Pictures stay out of your copy, but everything else in the records below must be repeated exactly.

-- Given data --
== == ==
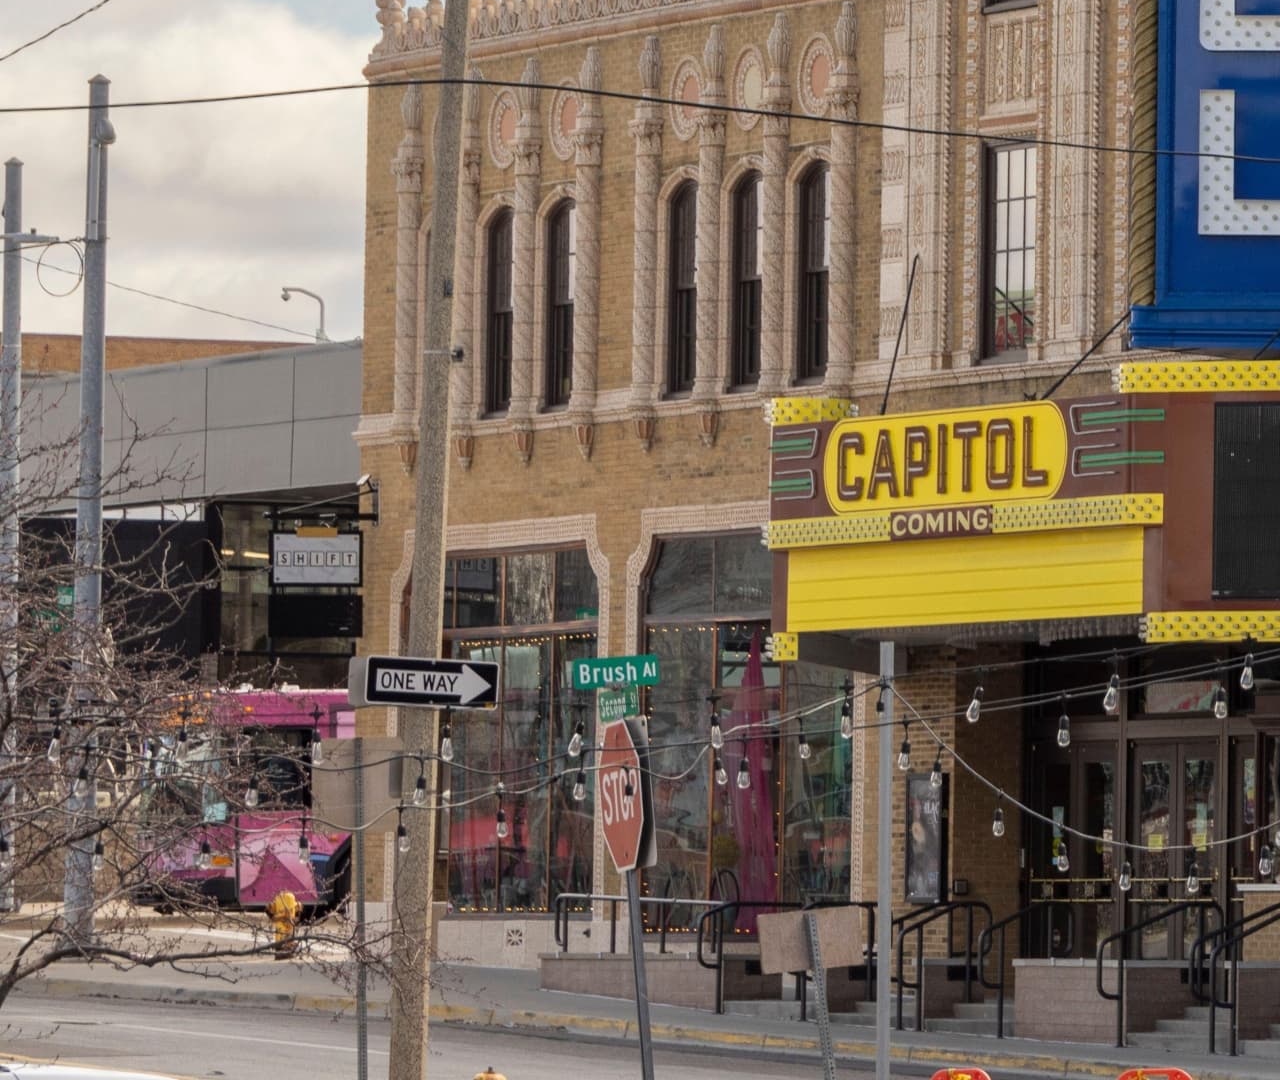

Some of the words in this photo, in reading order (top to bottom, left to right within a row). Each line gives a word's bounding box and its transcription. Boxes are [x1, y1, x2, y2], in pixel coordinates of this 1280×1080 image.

[837, 416, 1048, 501] CAPITOL
[892, 508, 989, 537] COMING
[280, 553, 353, 565] SHIFT
[381, 671, 415, 689] ONE
[423, 673, 458, 692] WAY
[579, 661, 637, 684] Brush
[600, 694, 627, 718] Second
[602, 768, 637, 825] STOP
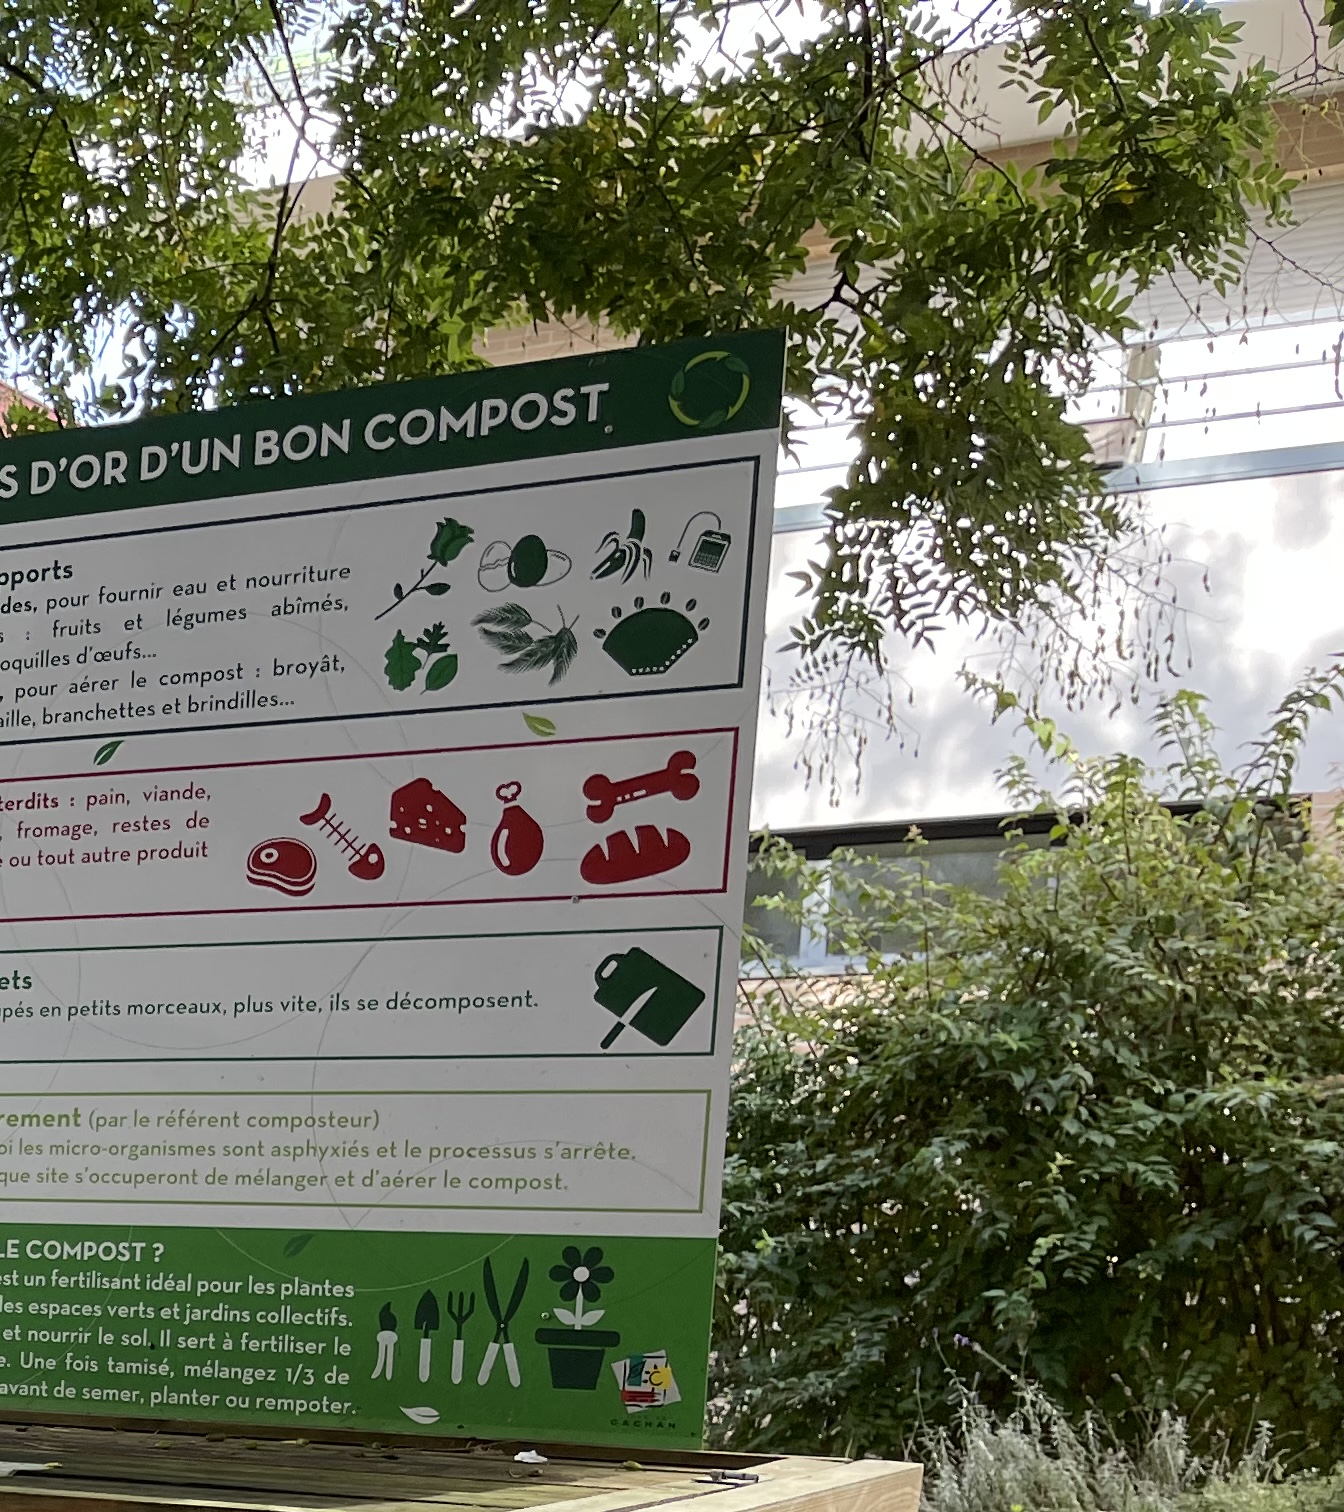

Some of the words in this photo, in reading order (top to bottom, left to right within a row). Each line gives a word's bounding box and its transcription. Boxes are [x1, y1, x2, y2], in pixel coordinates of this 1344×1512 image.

[253, 417, 351, 466] BON
[363, 381, 610, 450] COMPOST
[41, 700, 156, 725] branchettes
[161, 696, 181, 715] et
[186, 689, 295, 713] brindilles...
[16, 819, 98, 841] fromage,
[111, 813, 171, 834] restes
[184, 808, 210, 829] de
[87, 1108, 128, 1133] (par
[132, 1107, 151, 1128] le
[155, 1107, 240, 1128] référent
[245, 1108, 380, 1134] composteur)
[24, 1238, 146, 1262] COMPOST
[22, 1273, 46, 1287] un
[49, 1267, 141, 1290] fertilisant
[145, 1271, 192, 1292] idéal
[195, 1279, 243, 1297] pour
[247, 1273, 275, 1295] les
[279, 1275, 355, 1301] plantes
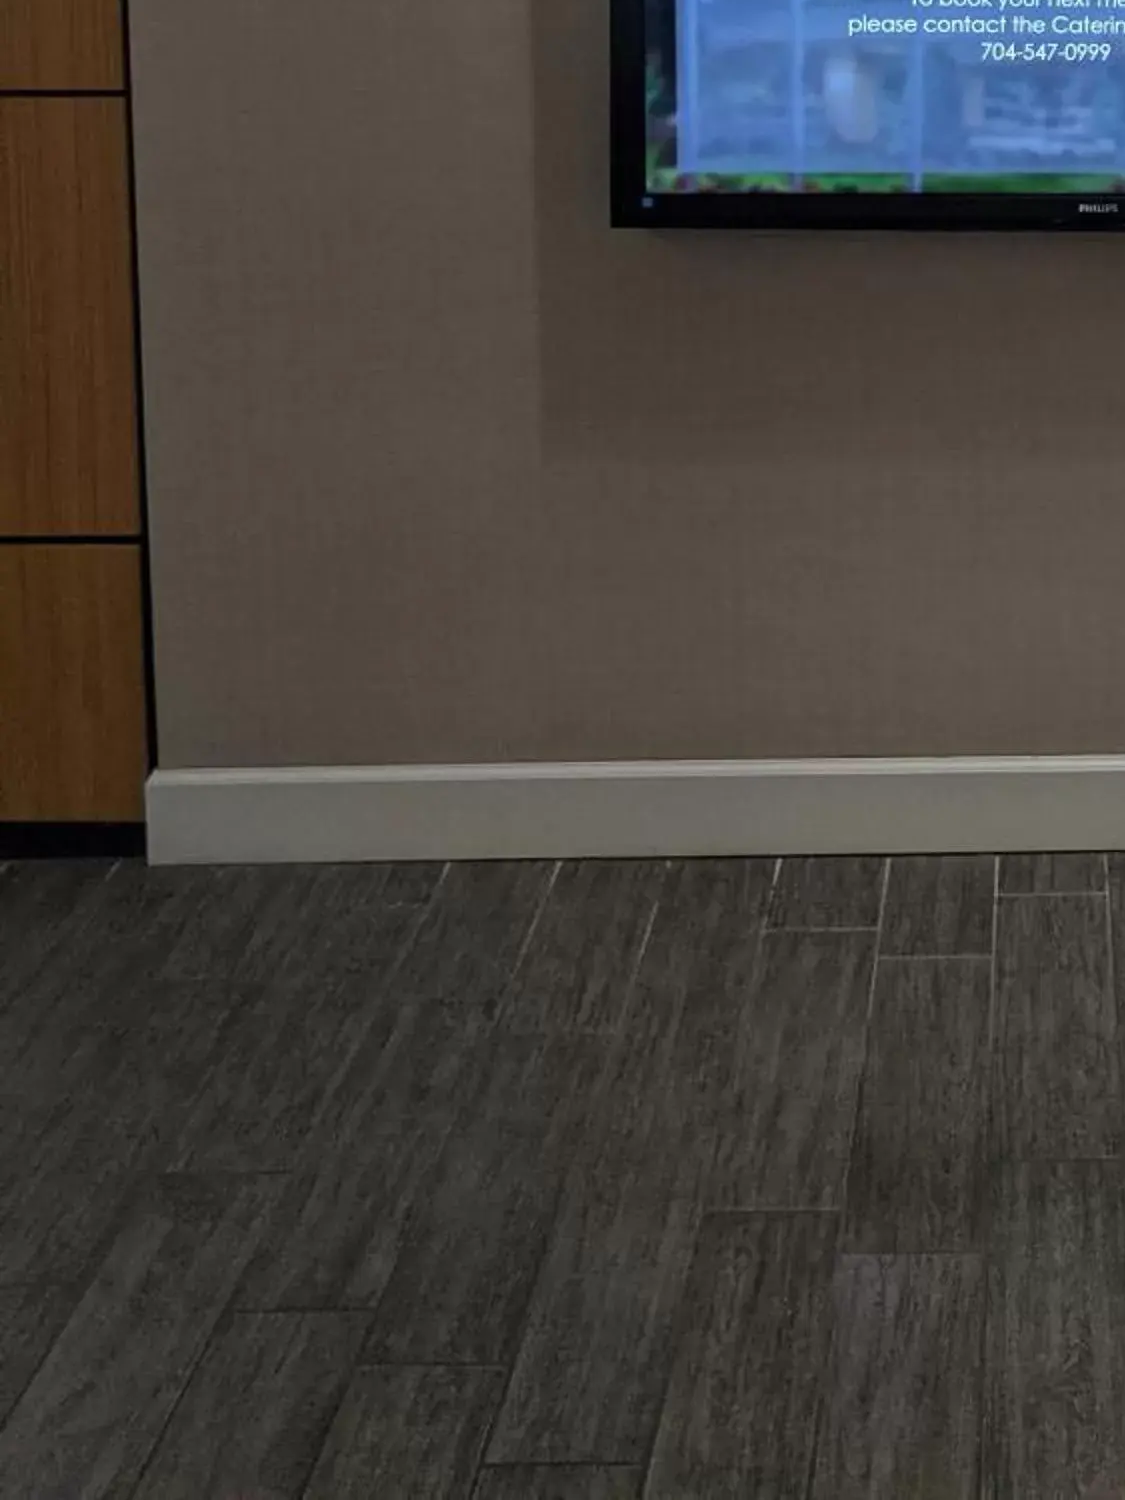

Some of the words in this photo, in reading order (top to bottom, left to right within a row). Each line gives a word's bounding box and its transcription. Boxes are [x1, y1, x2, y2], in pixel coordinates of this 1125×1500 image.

[848, 14, 918, 38] please
[923, 16, 1008, 34] contact
[1012, 16, 1046, 35] the
[981, 42, 1112, 62] 704-547-0999
== == ==
-- Output for this task --
Some of the words in this photo, in reading order (top to bottom, left to right within a row). Each line gives a word's bounding box and its transcription. Boxes are [x1, y1, x2, y2], in pixel coordinates of this 1280×1080 image.

[837, 416, 1048, 501] CAPITOL
[892, 508, 989, 537] COMING
[280, 553, 353, 565] SHIFT
[381, 671, 415, 689] ONE
[423, 673, 458, 692] WAY
[579, 661, 637, 684] Brush
[600, 694, 627, 718] Second
[602, 768, 637, 825] STOP

Some of the words in this photo, in reading order (top to bottom, left to right within a row). Each line gives a word's bounding box and its transcription. Boxes are [x1, y1, x2, y2], in pixel coordinates of this 1344×1512 image.

[253, 417, 351, 466] BON
[363, 381, 610, 450] COMPOST
[41, 700, 156, 725] branchettes
[161, 696, 181, 715] et
[186, 689, 295, 713] brindilles...
[16, 819, 98, 841] fromage,
[111, 813, 171, 834] restes
[184, 808, 210, 829] de
[87, 1108, 128, 1133] (par
[132, 1107, 151, 1128] le
[155, 1107, 240, 1128] référent
[245, 1108, 380, 1134] composteur)
[24, 1238, 146, 1262] COMPOST
[22, 1273, 46, 1287] un
[49, 1267, 141, 1290] fertilisant
[145, 1271, 192, 1292] idéal
[195, 1279, 243, 1297] pour
[247, 1273, 275, 1295] les
[279, 1275, 355, 1301] plantes

Some of the words in this photo, in reading order (top to bottom, left to right within a row). Each line gives a word's bounding box and its transcription. Boxes are [x1, y1, x2, y2], in pixel coordinates of this 1125×1500 image.

[848, 14, 918, 38] please
[923, 16, 1008, 34] contact
[1012, 16, 1046, 35] the
[981, 42, 1112, 62] 704-547-0999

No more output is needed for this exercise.